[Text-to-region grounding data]
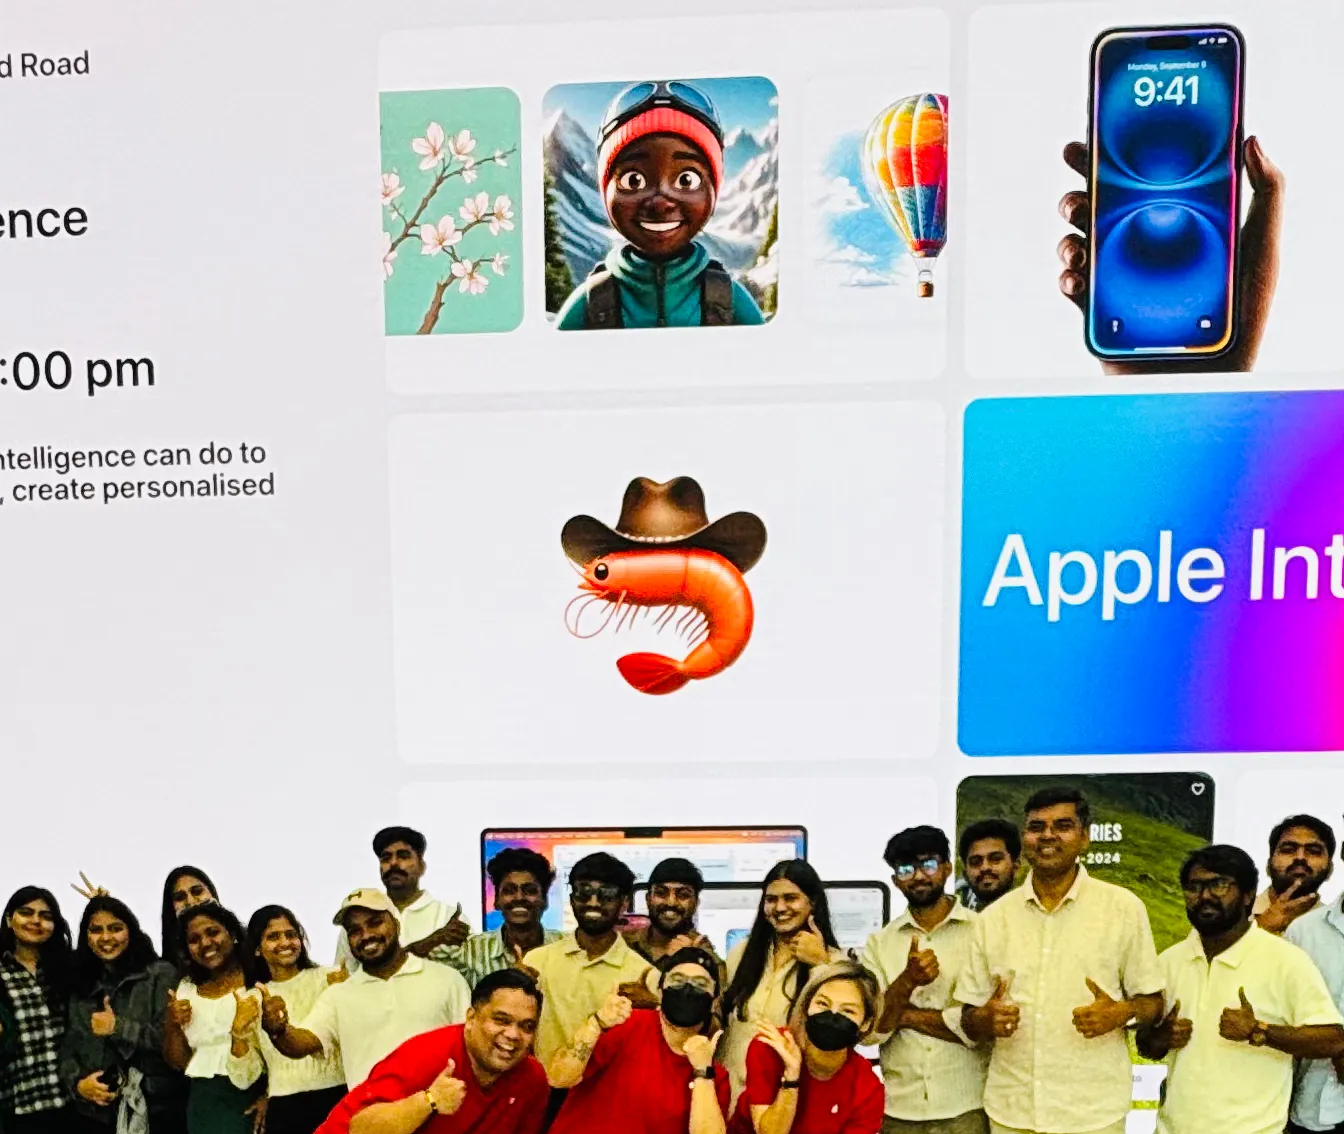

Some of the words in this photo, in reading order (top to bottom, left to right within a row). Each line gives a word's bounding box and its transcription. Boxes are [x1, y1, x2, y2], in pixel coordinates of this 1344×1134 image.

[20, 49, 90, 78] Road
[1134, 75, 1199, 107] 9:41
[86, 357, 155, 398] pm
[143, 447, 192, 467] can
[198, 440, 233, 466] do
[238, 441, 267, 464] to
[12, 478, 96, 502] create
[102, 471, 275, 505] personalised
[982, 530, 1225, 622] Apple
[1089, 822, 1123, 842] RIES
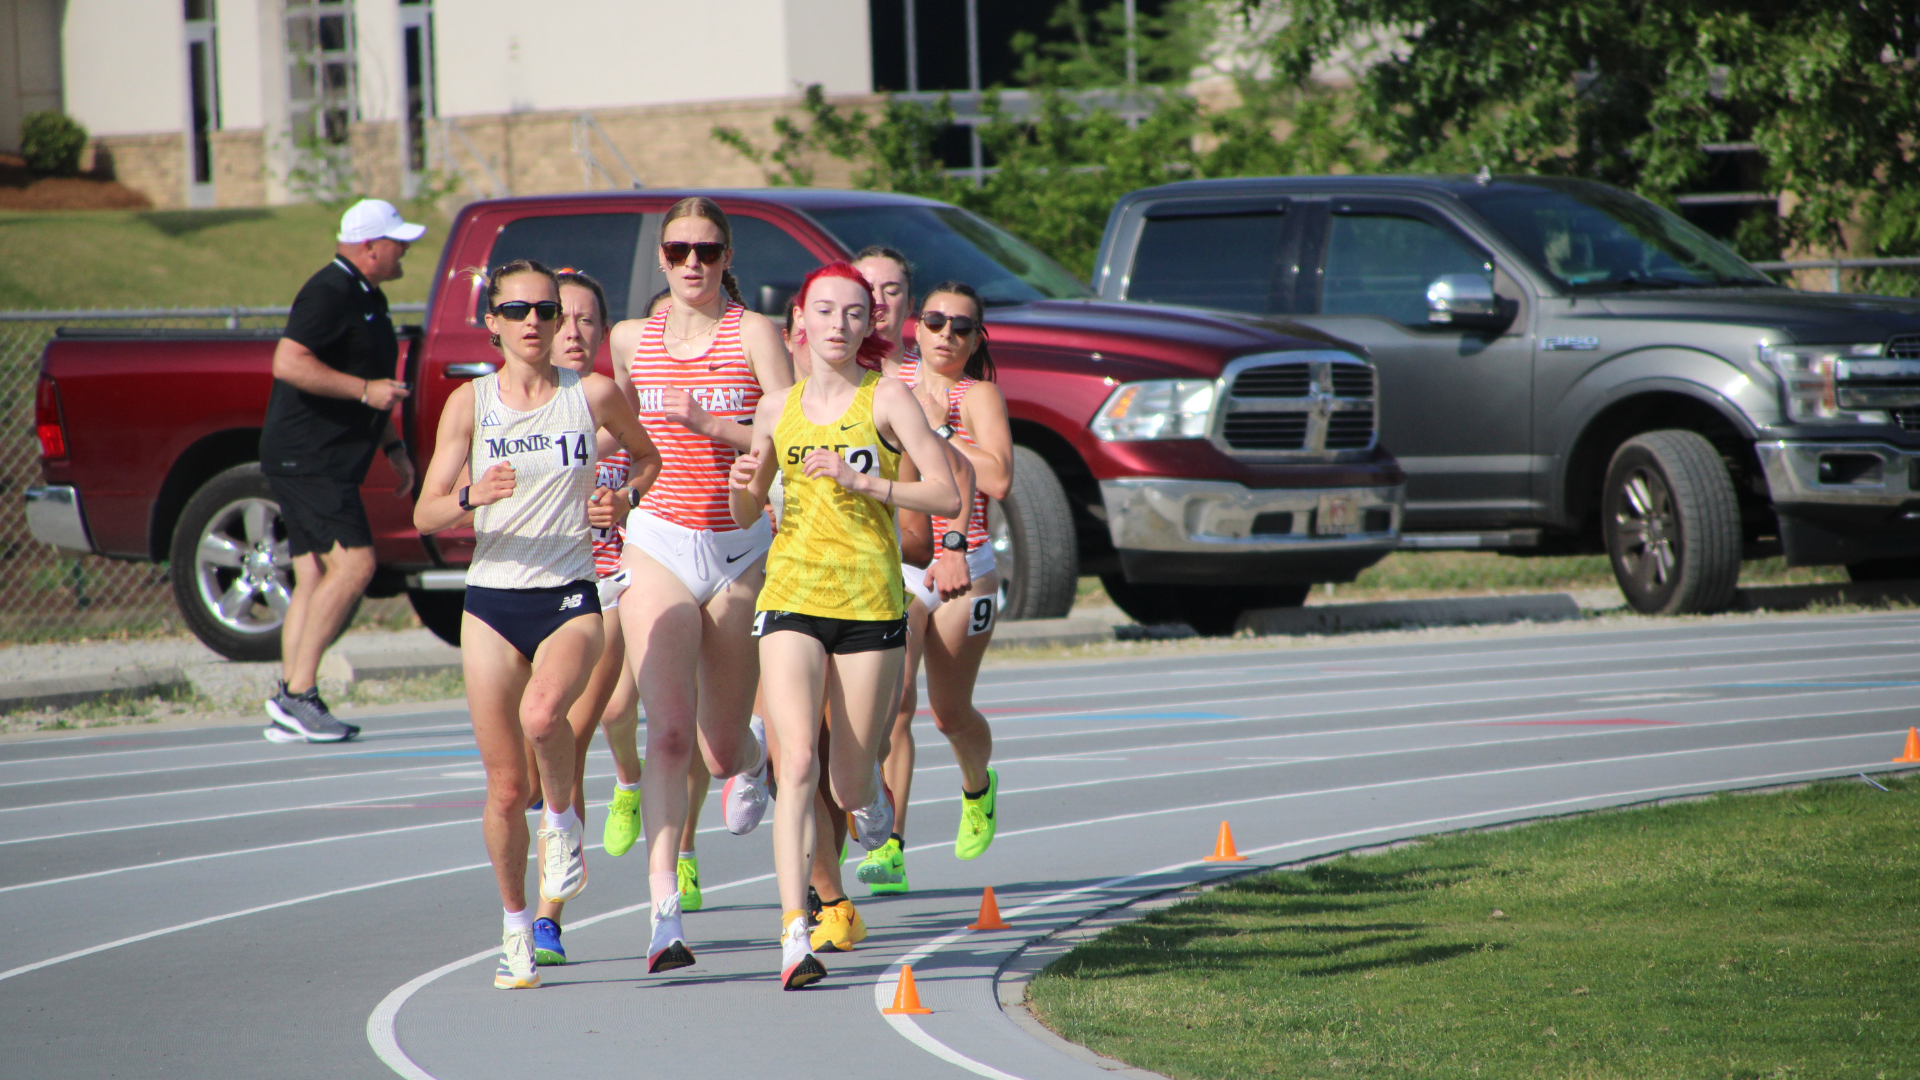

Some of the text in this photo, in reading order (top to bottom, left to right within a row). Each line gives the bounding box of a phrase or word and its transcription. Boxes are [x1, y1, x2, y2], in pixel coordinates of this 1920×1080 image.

* [Task description] Please print each entry exactly as it stands, without the pictures.

* [Expected answer]
Some of the words in this photo, in reading order (top to bottom, left to right within a row). Each line gives a word's bounding box and its transcription. Boxes are [x1, y1, x2, y2], in pixel coordinates of this 1344×1134 image.

[20, 49, 90, 78] Road
[1134, 75, 1199, 107] 9:41
[86, 357, 155, 398] pm
[143, 447, 192, 467] can
[198, 440, 233, 466] do
[238, 441, 267, 464] to
[12, 478, 96, 502] create
[102, 471, 275, 505] personalised
[982, 530, 1225, 622] Apple
[1089, 822, 1123, 842] RIES

Some of the text in this photo, in reading order (top to bottom, left to right within a row). Each line gives the bounding box of a phrase or word and its transcription. Boxes are [x1, y1, x2, y2], in pixel coordinates of this 1920×1080 image.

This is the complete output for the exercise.